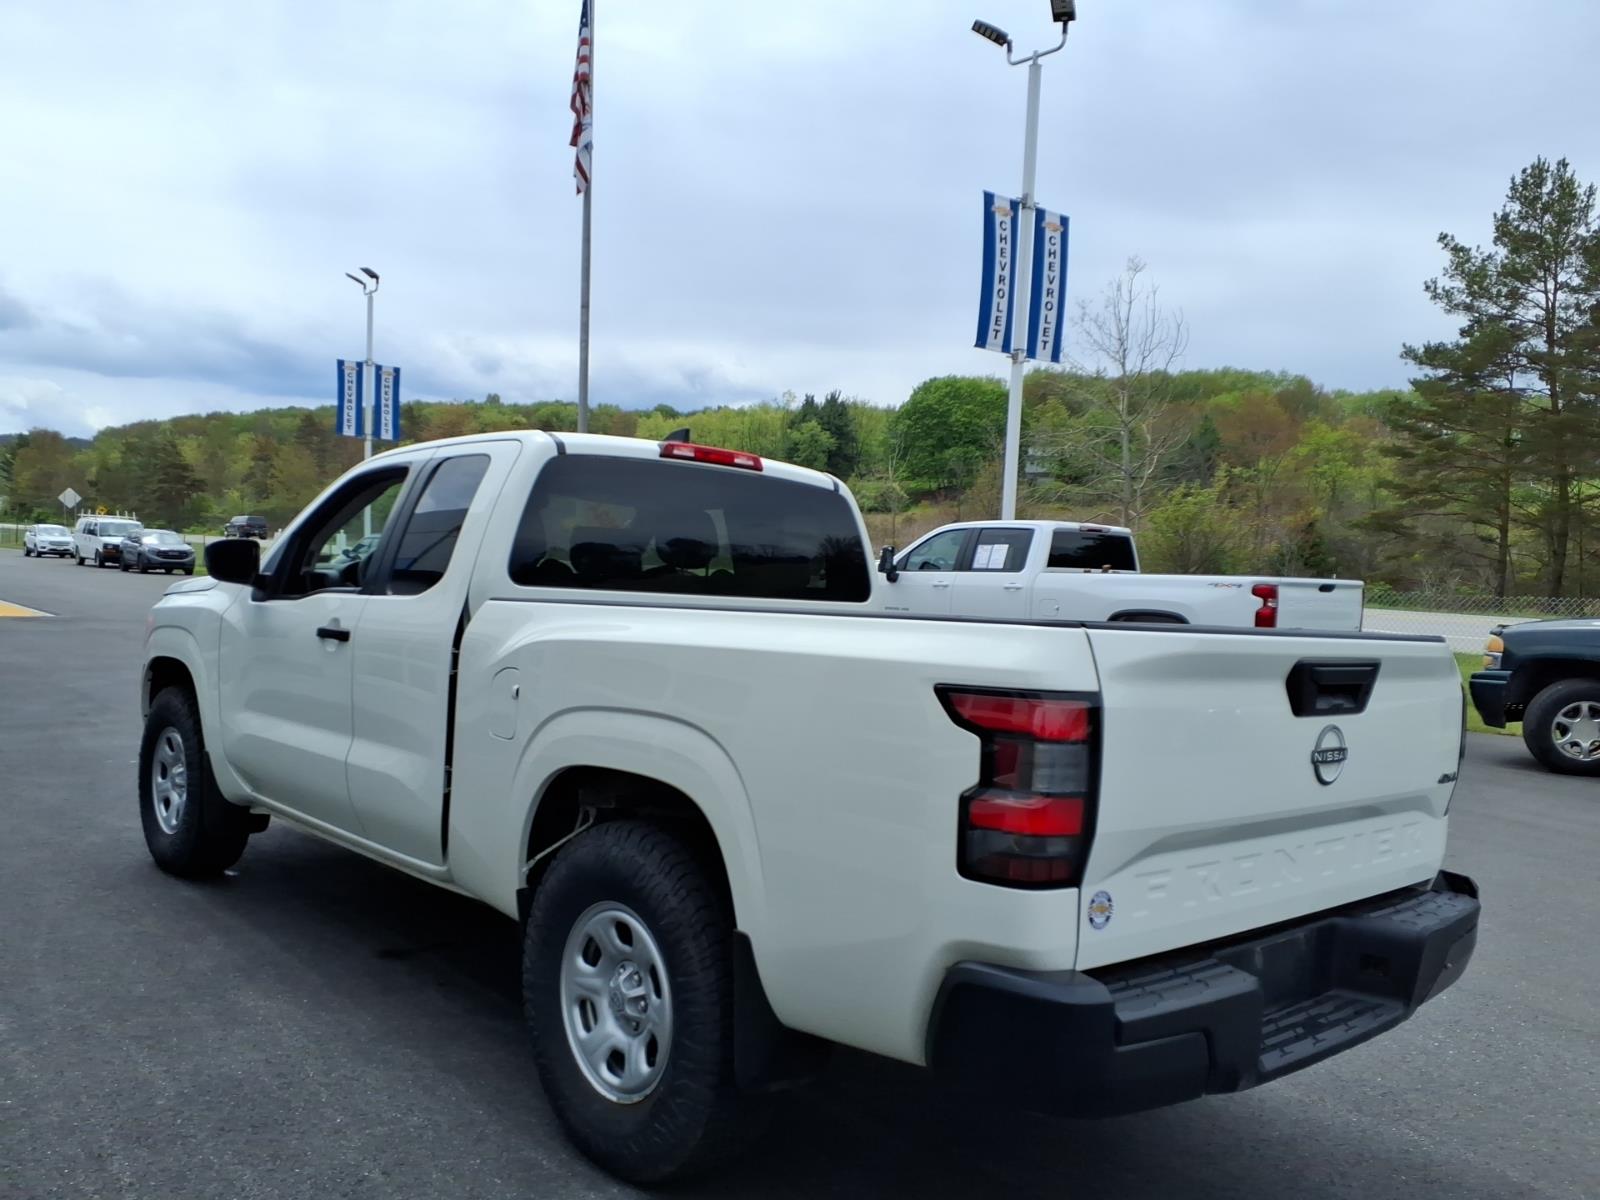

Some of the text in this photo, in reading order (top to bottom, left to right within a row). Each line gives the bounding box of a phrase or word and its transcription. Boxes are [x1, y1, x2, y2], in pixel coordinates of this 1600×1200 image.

[992, 221, 1008, 340] CHEVROLET
[1041, 235, 1057, 350] CHEVROLET
[1314, 751, 1346, 762] NISSA
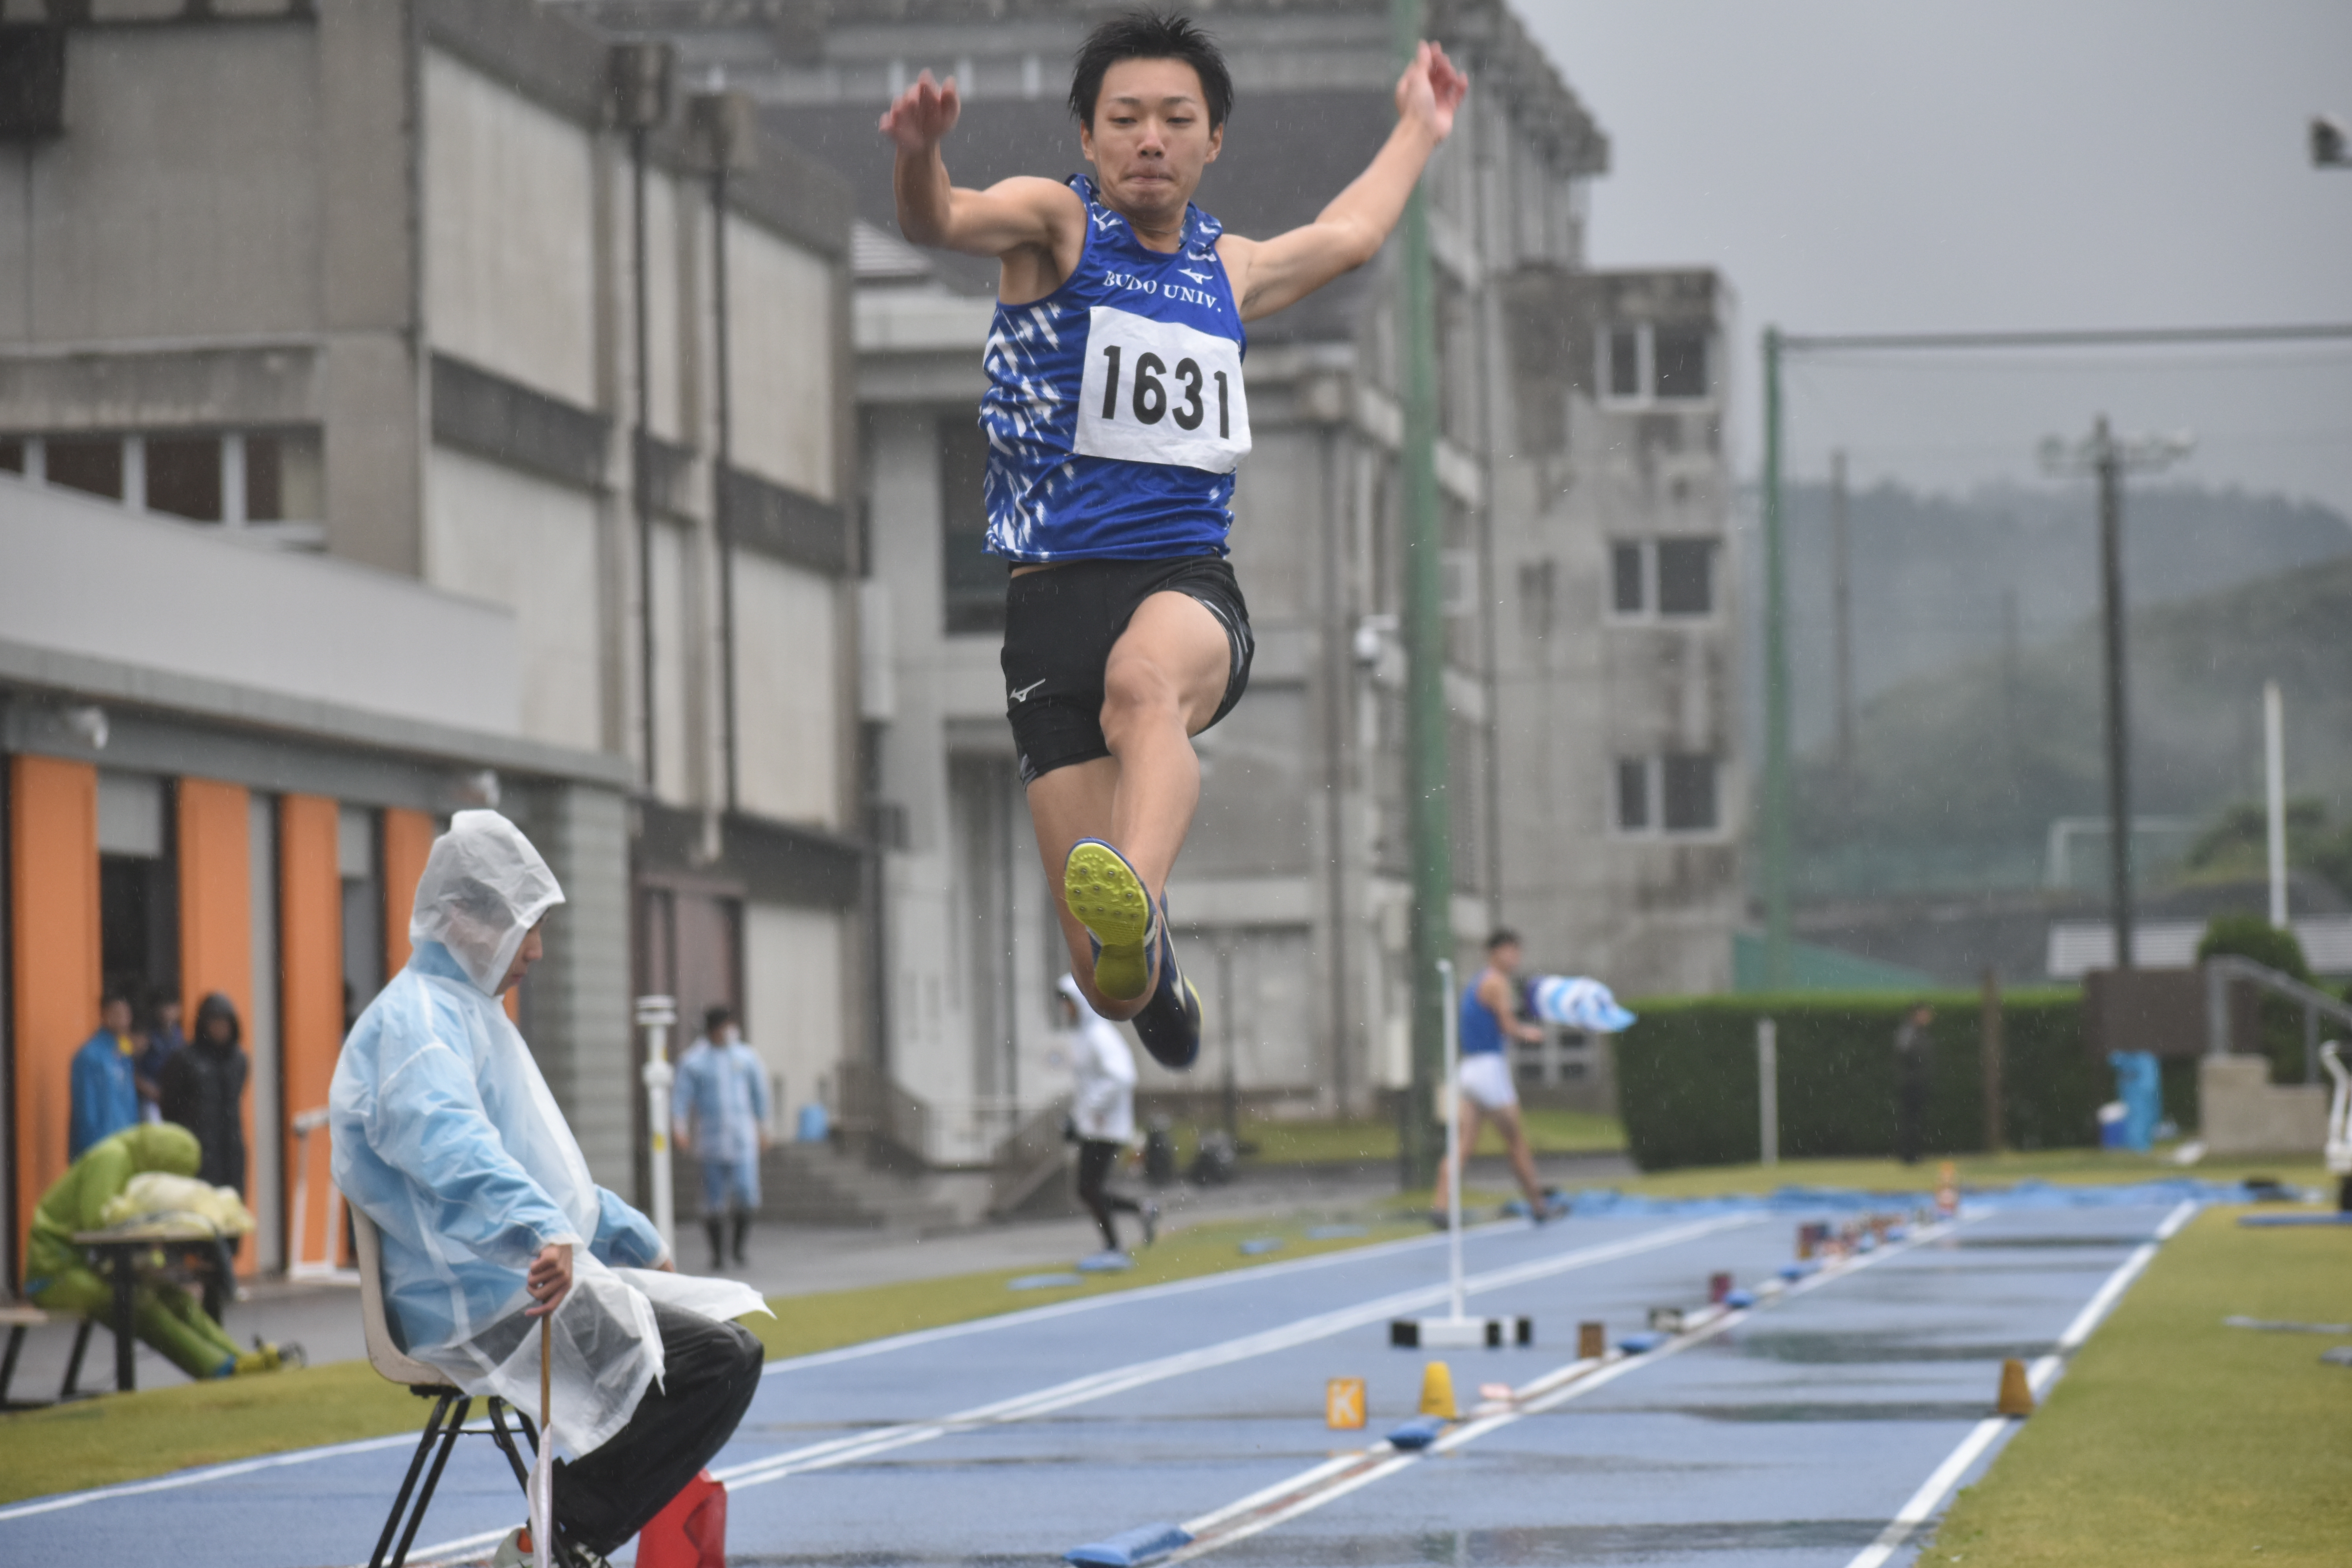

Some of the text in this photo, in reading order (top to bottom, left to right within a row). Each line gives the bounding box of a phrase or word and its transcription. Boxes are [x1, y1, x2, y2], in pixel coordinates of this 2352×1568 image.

[1103, 271, 1221, 312] BUDO UNIV.
[1102, 345, 1229, 439] 1631
[1332, 1382, 1358, 1424] K

- _Required work_
Word for word, restate each line above, minus its pictures.

- _The completed task_
Some of the text in this photo, in reading order (top to bottom, left to right within a row). Each line gives the bounding box of a phrase or word and its transcription. Boxes are [x1, y1, x2, y2], in pixel coordinates of this 1600×1200 image.

[992, 221, 1008, 340] CHEVROLET
[1041, 235, 1057, 350] CHEVROLET
[1314, 751, 1346, 762] NISSA

Some of the text in this photo, in reading order (top to bottom, left to right within a row). Each line gives the bounding box of a phrase or word and its transcription. Boxes are [x1, y1, x2, y2], in pixel coordinates of this 2352×1568 image.

[1103, 271, 1221, 312] BUDO UNIV.
[1102, 345, 1229, 439] 1631
[1332, 1382, 1358, 1424] K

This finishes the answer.